The reason that location of printing matters is that the presses were different at Sparta than at later print sites. Presses at Sparta were newspaper-style web presses, on which the interior of a saddle-stitched comic came off the press already folded and collated into a complete unit of interior pages. Comics printed at other locations tend to be printed on sheetfed presses. Sheetfed presses provide generally superior reproduction, but the pages come off the press as large flat sheets that have to be cut, collated, and folded in a separate step. It was during this separate step that additional advertising signatures were being added to the books that I discussed in earlier threads.

I have before me two copies of Captain America 380 (Dec. 1990). The direct-sales copy has a four-page signature in the centerfold, on cover stock, advertising Sega Genesis, Tiger Electronics, and Nintendo (I assume all direct-sales copies had this insert when shipped). The newsstand copy does not have such an insert (I assume all newsstand copies didn't have the insert). This is the earliest comic that I know of in which additional advertising pages were bound in to copies intended for the direct-sales market.

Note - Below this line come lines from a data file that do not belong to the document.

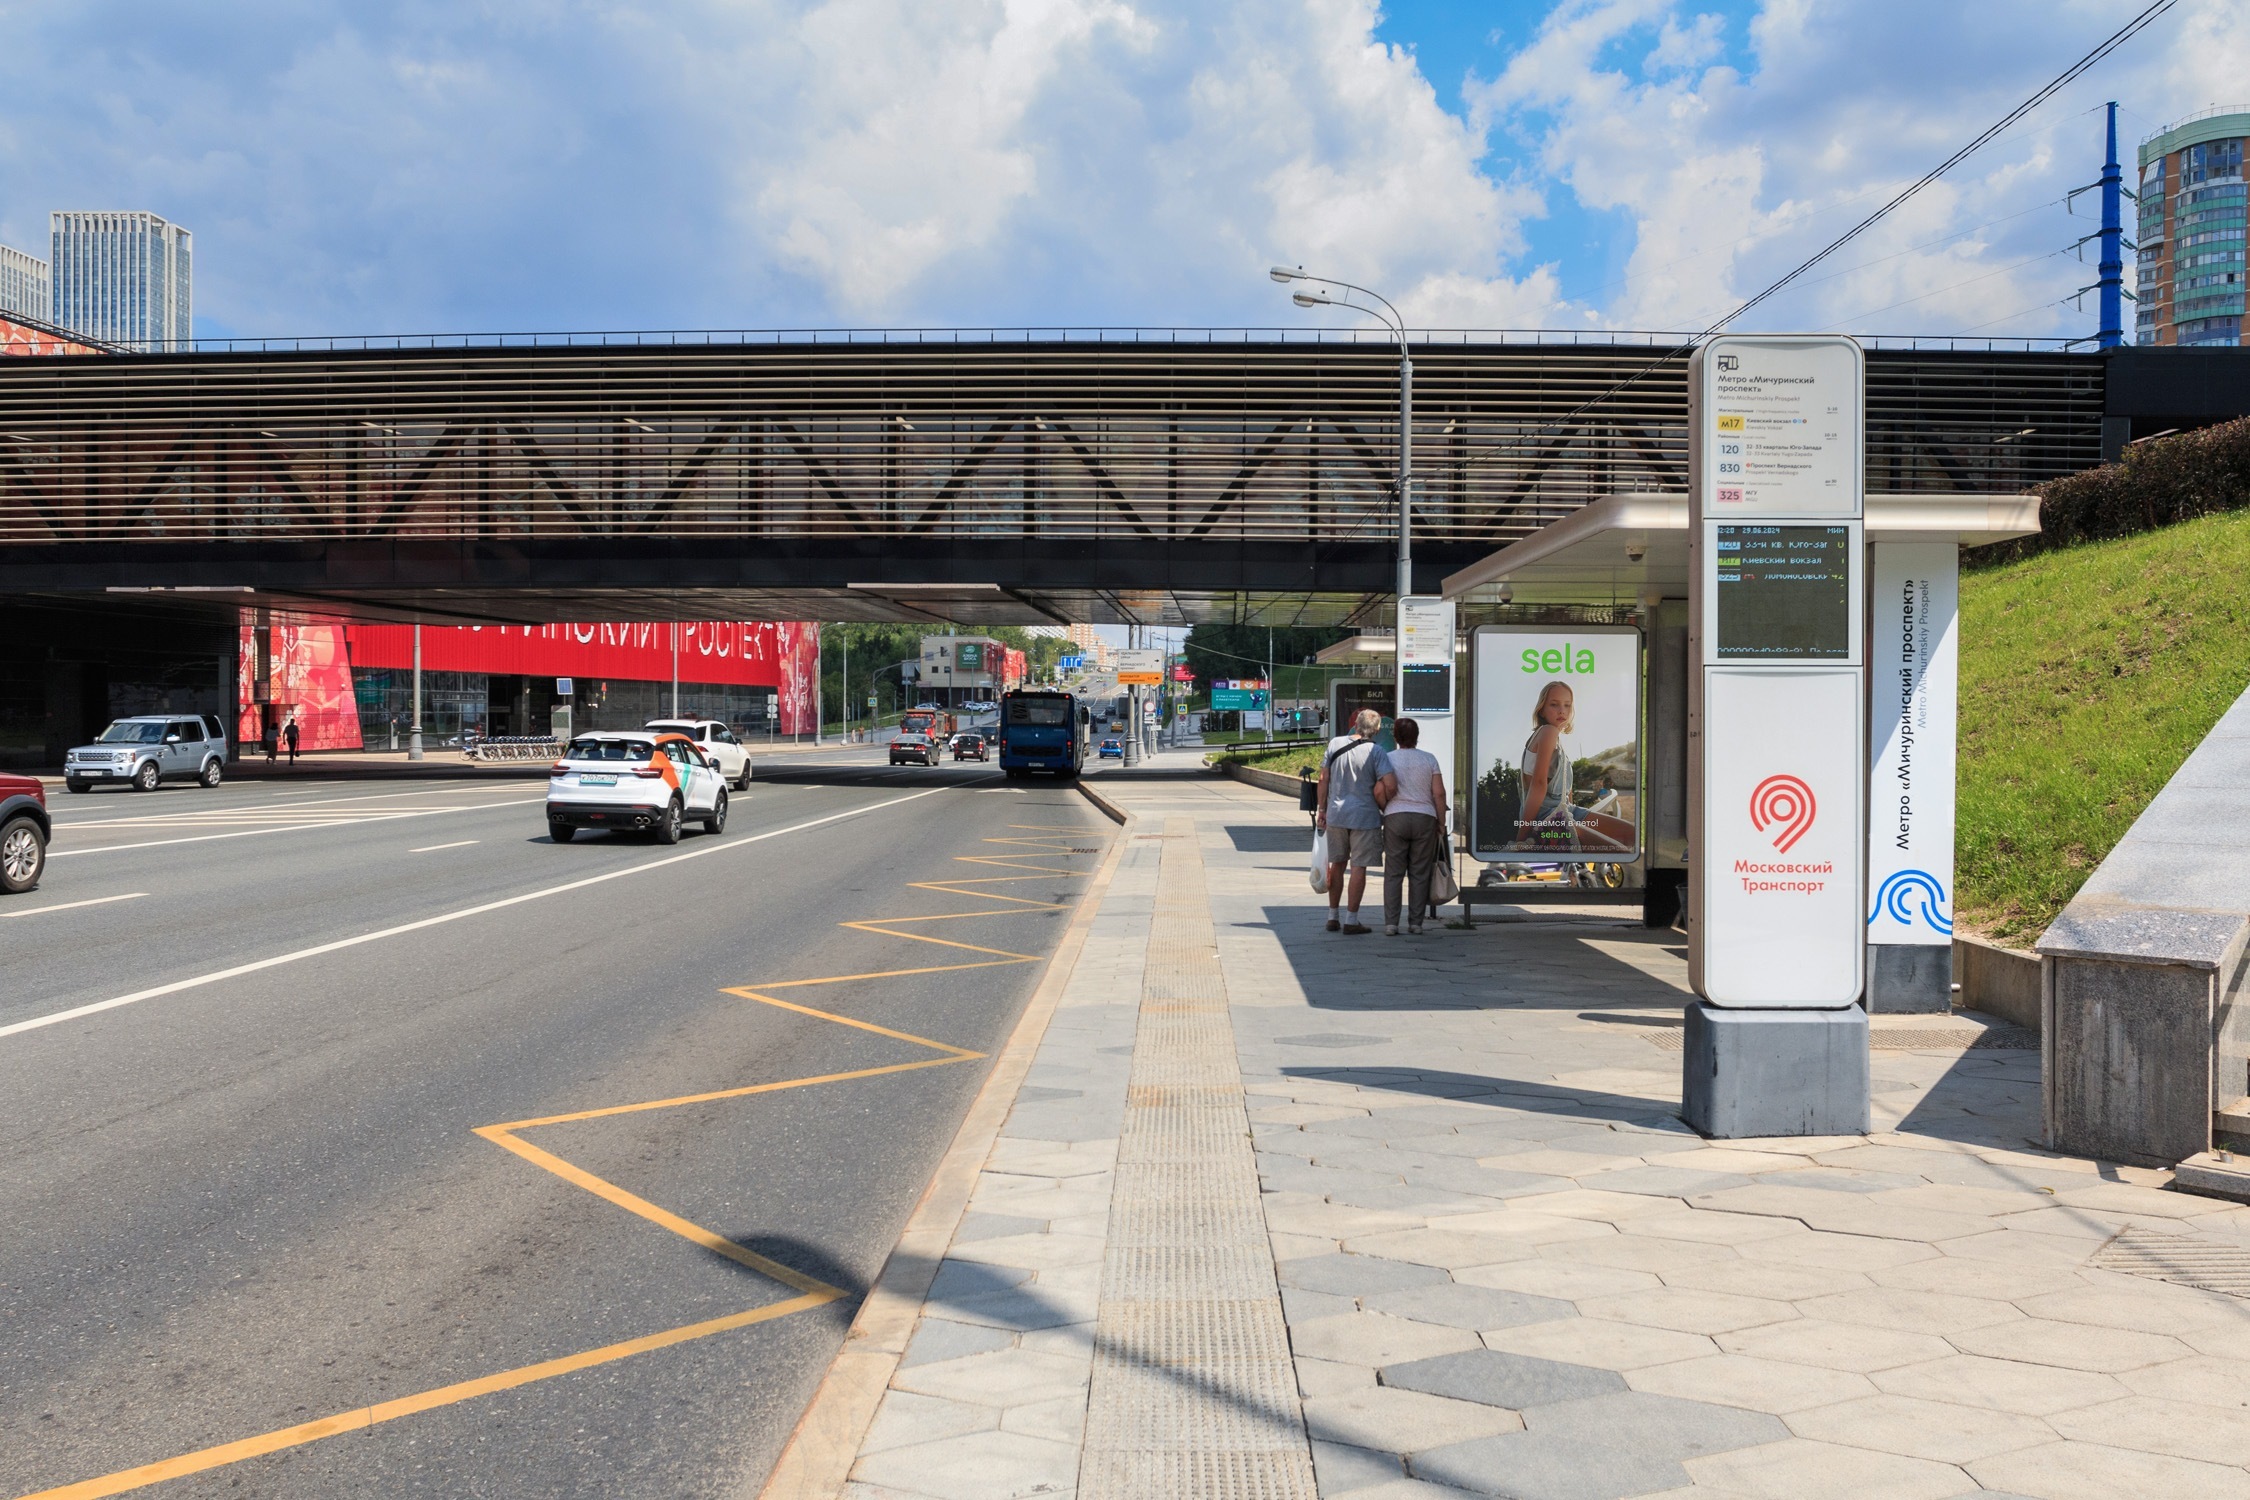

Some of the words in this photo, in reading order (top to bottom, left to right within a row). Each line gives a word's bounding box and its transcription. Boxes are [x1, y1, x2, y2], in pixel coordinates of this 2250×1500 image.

[1717, 375, 1747, 384] Метро
[1749, 376, 1815, 385] «Мичуринский
[1717, 385, 1762, 393] проспект»
[1721, 445, 1739, 454] 120
[1720, 463, 1740, 473] 830
[1720, 490, 1740, 500] 325
[1918, 579, 1931, 625] Prospekt
[1901, 579, 1916, 664] проспект»
[1521, 643, 1595, 674] sela
[1917, 626, 1931, 694] Michurinskiy
[1367, 690, 1384, 698] БКЛ
[1917, 696, 1928, 728] Metro
[1898, 669, 1915, 791] «Мичуринский
[1513, 820, 1566, 829] врываемся
[1575, 818, 1599, 828] лето!
[1896, 794, 1913, 850] Метро
[1540, 831, 1572, 839] sela.ru
[1734, 860, 1833, 873] Московский
[1741, 878, 1825, 895] Транспорт

The bindery technique is nothing special; it appears to be the same technique used for years earlier with Mark Jewelers inserts. The difference (as I noted in an earlier post) is that the publisher was forcing retailers (who pay 100% of freight) to carry the distribution costs of the advertising, but omitting the insert for copies distributed by second-class mail, where the publisher had to pay full freight on advertising pages (I'm kind of surprised retailers didn't complain; on the other hand, in 1990, nobody making a living in comics was complaining about much of anything).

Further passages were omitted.